▸ Try it:
Retype the data below exactly, skipping pictures.

--- Exercise materials Enclosed Below ---

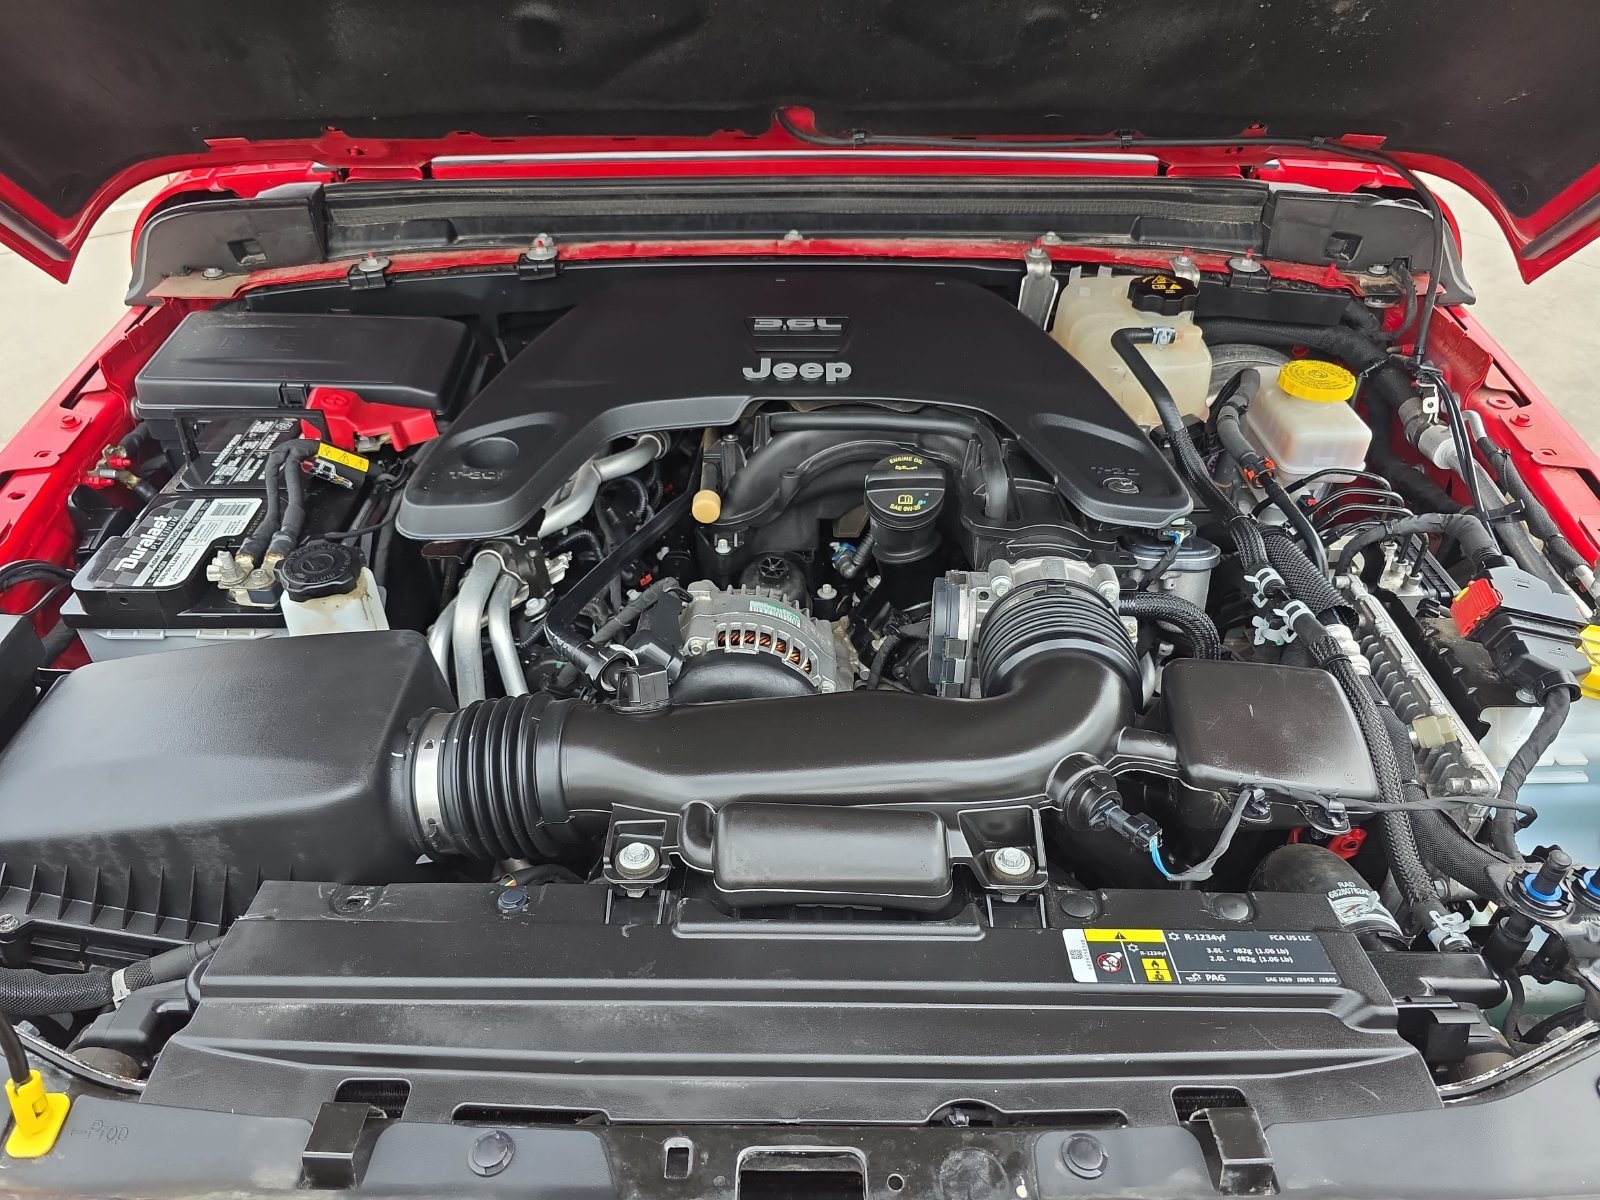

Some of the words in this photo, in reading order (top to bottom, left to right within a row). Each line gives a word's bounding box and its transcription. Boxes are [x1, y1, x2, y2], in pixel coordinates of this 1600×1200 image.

[753, 318, 842, 331] 3.6L
[742, 357, 852, 384] Jeep
[888, 456, 913, 464] ENGINE
[913, 457, 923, 465] OIL
[889, 503, 902, 512] SAE
[151, 515, 182, 550] PLATINUM
[114, 515, 173, 571] Duralast
[149, 554, 161, 569] AGM
[160, 518, 188, 553] TECHNOLOGY
[1183, 933, 1227, 942] R-1234yf
[1232, 947, 1253, 955] 482g
[1255, 947, 1275, 955] (1.06
[1276, 948, 1290, 956] Lb)
[1280, 956, 1294, 964] Lb)
[1204, 974, 1227, 982] PAG
[87, 1119, 129, 1147] Prop

--- End of Enclosed Exercise materials ---

▸ Response area:
Some of the words in this photo, in reading order (top to bottom, left to right within a row). Each line gives a word's bounding box and its transcription. Boxes are [x1, y1, x2, y2], in pixel coordinates of this 1600×1200 image.

[753, 318, 842, 331] 3.6L
[742, 357, 852, 384] Jeep
[888, 456, 913, 464] ENGINE
[913, 457, 923, 465] OIL
[889, 503, 902, 512] SAE
[151, 515, 182, 550] PLATINUM
[114, 515, 173, 571] Duralast
[149, 554, 161, 569] AGM
[160, 518, 188, 553] TECHNOLOGY
[1183, 933, 1227, 942] R-1234yf
[1232, 947, 1253, 955] 482g
[1255, 947, 1275, 955] (1.06
[1276, 948, 1290, 956] Lb)
[1280, 956, 1294, 964] Lb)
[1204, 974, 1227, 982] PAG
[87, 1119, 129, 1147] Prop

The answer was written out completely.